In 62, Martial slalomed past three defenders but banged his shot straight at Hugo Lloris.
Then Fosu-Mensah got injured. He seemed to put himself in a position to stop Dele Alli kicking the ball but Alli kicked the ball and him. The young Dutchman went off, came back on, and then Darmian replaced him.
In 70, Spurs at last cranked up to turbo from a midfield scuffle.
Lamela, on the deck, poked the ball to Harry Kane, he hit it first time out to Eriksen, and the space-aware Dane hit an early cross behind the defence that found Dele Alli running unmarked into the box.
I knew Alli wouldn’t miss and it was 1-0.
That move had the urgency, the dynamic directness that Pochettino demands from his players.
This is how they train, this is how they think, this is what they’re trying to do as often as possible.
From the left, Lamela hit a floating free-kick and Alderweireld made it 2-0 with a world class header just inside the far post.
In 76, Danny Rose cut back a low cross with a lot of pace on it and Lamela, having run away from Danny Blind as they came in from the right flank, finished with a nice left-foot shot for 3-0.
This was an explosive demolition job, three hammer blows in six minutes.

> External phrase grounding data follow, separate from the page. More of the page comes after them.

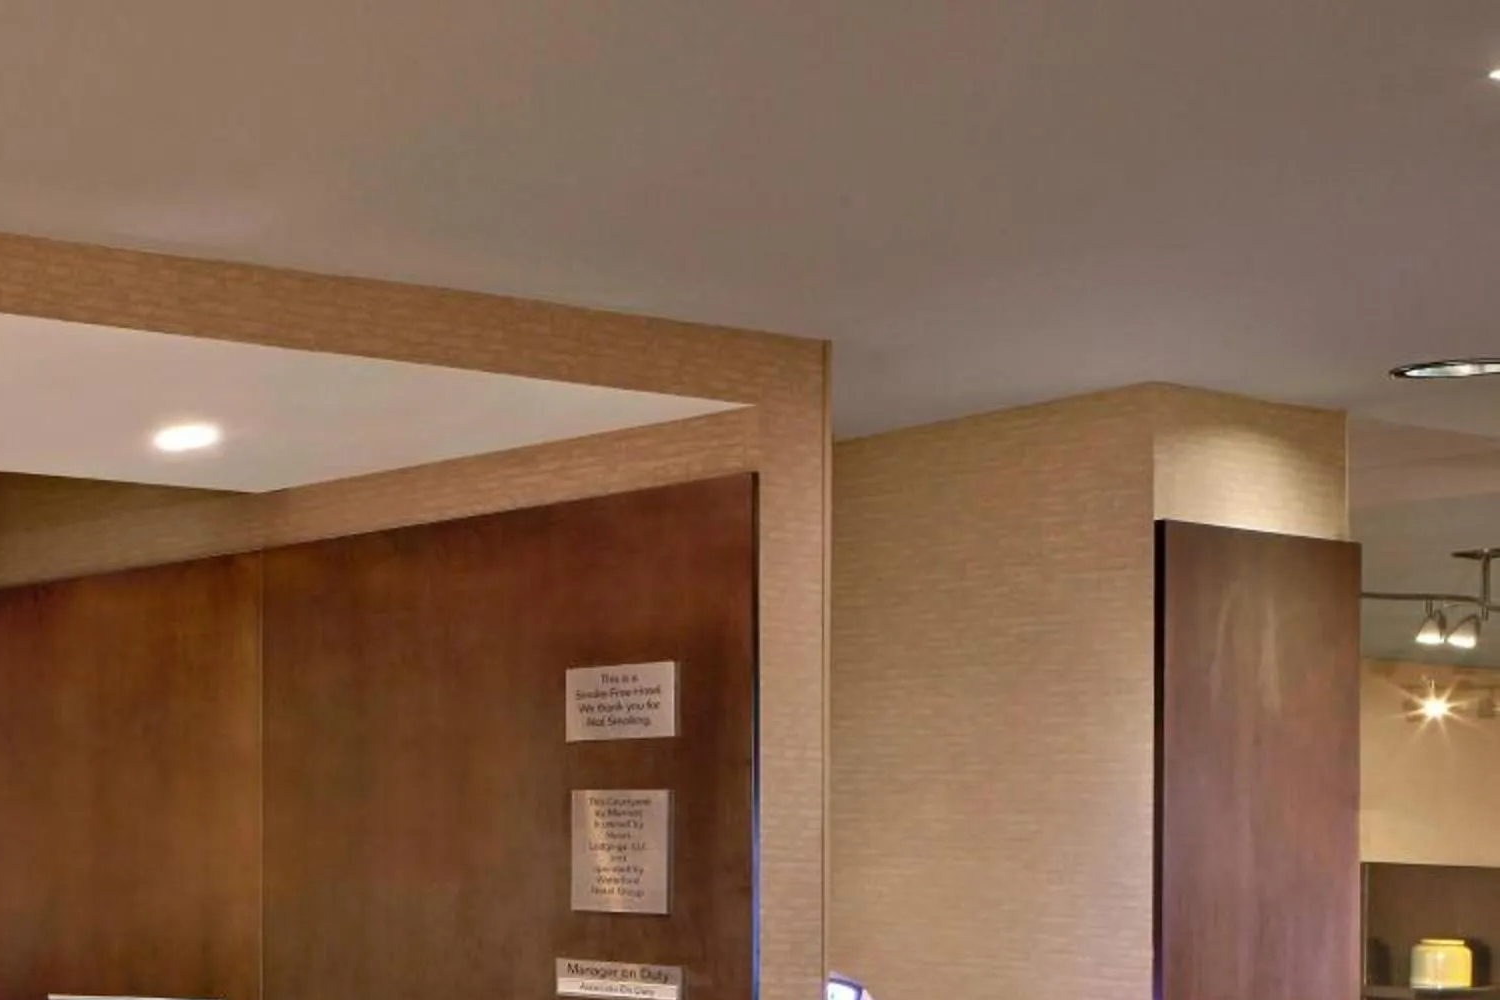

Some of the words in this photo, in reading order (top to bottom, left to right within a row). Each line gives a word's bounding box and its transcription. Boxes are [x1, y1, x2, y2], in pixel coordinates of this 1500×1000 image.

[566, 962, 618, 979] Manager
[620, 968, 637, 979] on
[640, 967, 670, 985] Duty
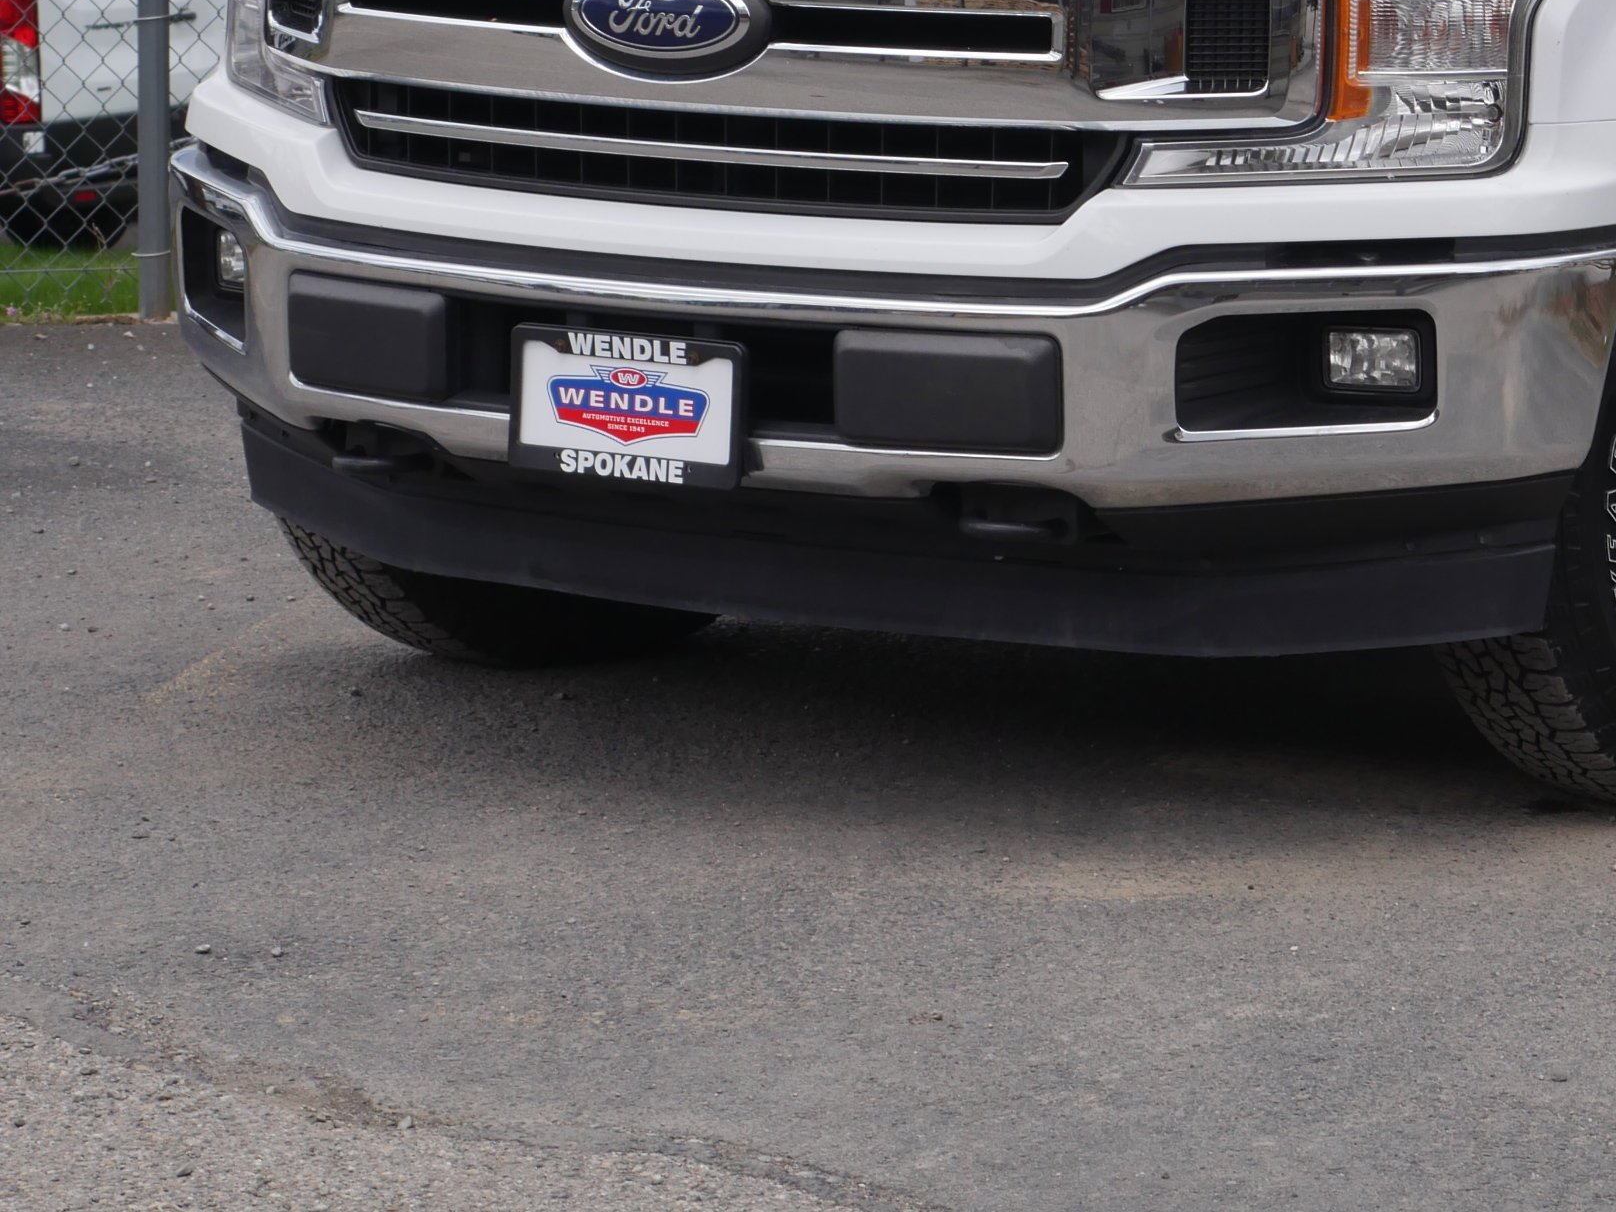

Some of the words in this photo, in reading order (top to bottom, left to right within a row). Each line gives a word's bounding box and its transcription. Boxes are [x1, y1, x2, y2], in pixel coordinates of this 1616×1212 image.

[568, 332, 687, 365] WENDLE
[558, 386, 695, 418] WENDLE
[582, 412, 626, 424] AUTOMOTIVE
[626, 417, 670, 428] EXCELLENCE
[607, 423, 628, 432] SINCE
[629, 425, 645, 433] 1943
[560, 448, 684, 484] SPOKANE

A hard-won victory and two of the goals came from right flank soon after the powerful Fusu-Mensah had gone off.
But a goal was coming because Spurs played much better in the second half.

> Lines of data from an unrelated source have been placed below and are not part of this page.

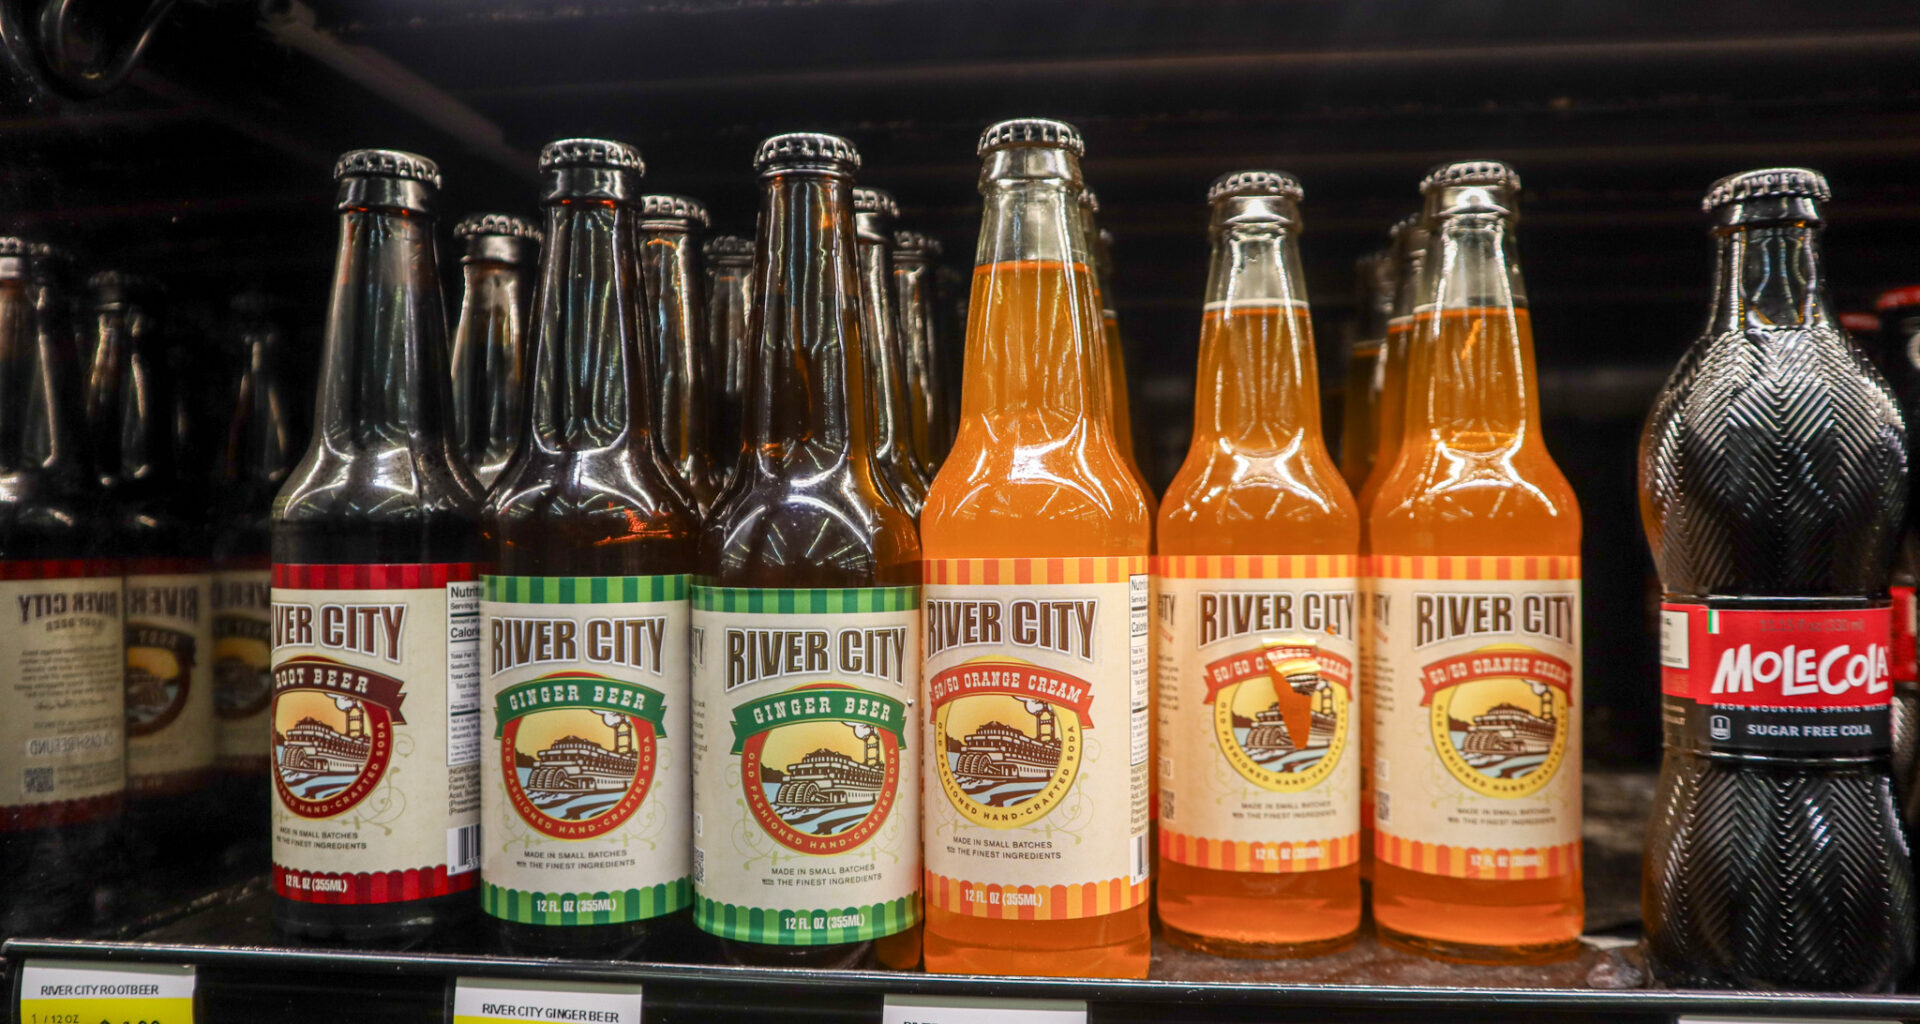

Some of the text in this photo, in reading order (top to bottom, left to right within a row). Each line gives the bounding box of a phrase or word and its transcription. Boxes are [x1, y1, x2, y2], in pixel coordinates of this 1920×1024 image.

[1198, 592, 1294, 649] RIVER
[1301, 591, 1355, 645] CITY
[1414, 592, 1515, 649] RIVER
[1522, 592, 1575, 646] CITY
[272, 603, 407, 664] VER CITY
[927, 599, 1098, 663] RIVER CITY
[490, 616, 667, 678] RIVER CITY
[725, 626, 907, 693] RIVER CITY
[1472, 657, 1529, 674] ORANGE
[314, 669, 369, 694] BEER
[963, 671, 1020, 688] ORANGE
[1028, 674, 1082, 704] CREAM
[509, 684, 646, 710] GINGER BEER
[753, 696, 891, 724] GINGER BEER
[1713, 702, 1746, 711] FROM
[1750, 704, 1817, 714] MOUNTAIN
[1821, 704, 1861, 714] SPRING
[1747, 724, 1872, 736] SUGAR FREE COLA
[299, 722, 386, 813] HAND-CRAFTED SODA
[939, 754, 977, 815] FASHIONED
[983, 768, 1069, 821] HAND-CRAFTED
[1067, 725, 1075, 761] SODA
[507, 770, 553, 829] FASHIONED
[558, 778, 646, 834] HAND-CRAFTED
[642, 736, 651, 771] SODA
[750, 785, 802, 845] FASHIONED
[810, 791, 891, 849] HAND-CRAFTED
[887, 748, 896, 783] SODA
[314, 842, 367, 850] INGREDIENTS
[321, 832, 359, 840] BATCHES
[953, 836, 971, 845] MADE
[983, 839, 1010, 849] SMALL
[1012, 841, 1053, 849] BATCHES
[524, 851, 544, 859] MADE
[558, 851, 585, 859] SMALL
[588, 849, 628, 859] BATCHES
[957, 847, 1061, 860] THE FINEST INGREDIENTS
[529, 859, 635, 870] THE FINEST INGREDIENTS
[839, 863, 875, 874] BATCHES
[285, 874, 347, 894] 12 FL. OZ (355ML)
[829, 873, 882, 885] INGREDIENTS
[536, 898, 617, 913] 12 FL. OZ (355ML)
[965, 889, 1042, 907] 12 FL. OZ (355ML)
[785, 913, 865, 930] 12 FL. OZ (355ML)
[40, 984, 159, 995] RIVER CITY ROOTBEER
[482, 1003, 619, 1023] RIVER CITY GINGER BEER

After Lamela’s third they could have scored three more goals. Kane had a header tipped over by De Gea, who then saved from Vertonghen.
In an open game Spurs are devastating because they’re so incisive, so willing to put the ball up for grabs, so keen to play a momentum game, to take risks, to give the ball away while trying to score.

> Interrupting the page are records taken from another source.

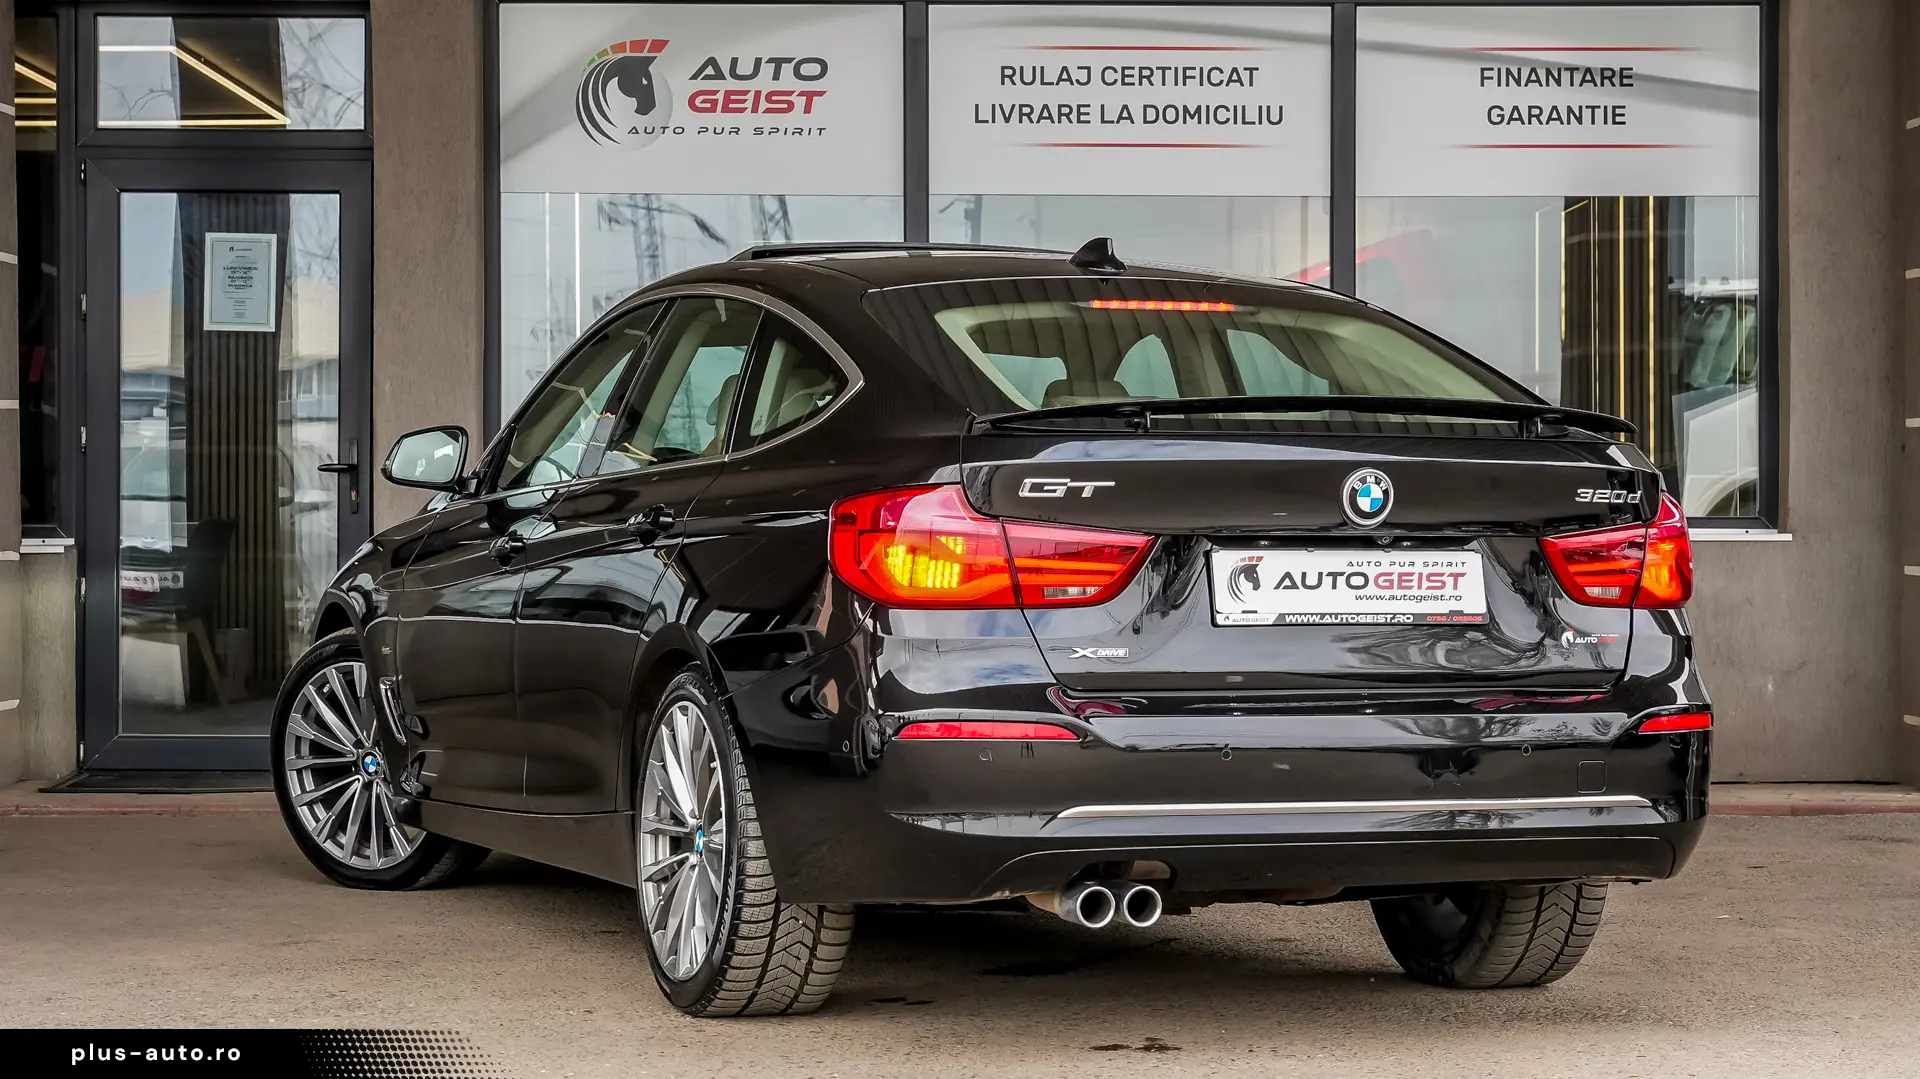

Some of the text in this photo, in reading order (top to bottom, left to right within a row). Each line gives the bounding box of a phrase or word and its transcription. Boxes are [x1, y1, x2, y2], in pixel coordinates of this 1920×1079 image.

[688, 56, 829, 82] AUTO
[1000, 65, 1260, 87] RULAJ CERTIFICAT
[1480, 66, 1634, 88] FINANTARE
[687, 89, 828, 115] GEIST
[974, 103, 1284, 126] LIVRARE LA DOMICILIU
[1487, 104, 1627, 126] GARANTIE
[626, 125, 828, 137] AUTO PUR SPIRIT
[1018, 478, 1116, 498] GT
[1575, 488, 1643, 504] 320d
[1346, 560, 1382, 568] AUTO
[1388, 560, 1416, 568] PUR
[1355, 592, 1463, 604] www.autogeist.ro
[1284, 614, 1414, 624] WWW.AUTOGEIST.RO

But it wasn’t an open game until Dele Alli scored. The first 69 minutes was a tight, ferocious battle
Dele Alli scored his 8th Premier League goal in his last game as a teenager.
He’s 20 today.
This Tottenham victory cuts Leicester’s lead to seven points.
The Foxes had won 2-0 at Sunderland with Jamie Vardy scoring in 66 and 90+5.
I respect this Spurs team because they’re so highly-motivated, well organised and consistent.
They’re fun to watch and I wish I’d been there yesterday.
By contrast, Arsenal are intermittently motivated, disorganised and inconsistent.
While Spurs are dynamic and pass to sprinters, Arsenal’s ensemble swarms forward, often making 14 passes to joggers and walkers.
Spurs are facing many challenges in the near future, and Mauricio Pochettino admits that a 7-point gap is difficult to reduce.
The manager, who is 44, has three years left on his contract and has been offered an improved deal. Although Pochettino has won nothing yet, Tottenham are one of the teams of the season.
Their recruitment has improved and they’re not a one-man club. They can never have the problems Arsenal face because they’re not run by a 65-year old dictator.
GOOD LUCK TO SPURS. I’m glad they’re doing well at last.
Full disclosure: I spent a lot of happy days and nights on The Shelf as a fan, and had 20 years of fun in the press box when the team was managed by Keith Burkinshaw, Peter Shreeves, Terry Venables, David Pleat , Gerry Francis, George Graham and Glenn Hoddle.
If I had time, I’d write a book about Spurs and tell the world what it was like to see the ghastly Allan Sugar in action at an AGM.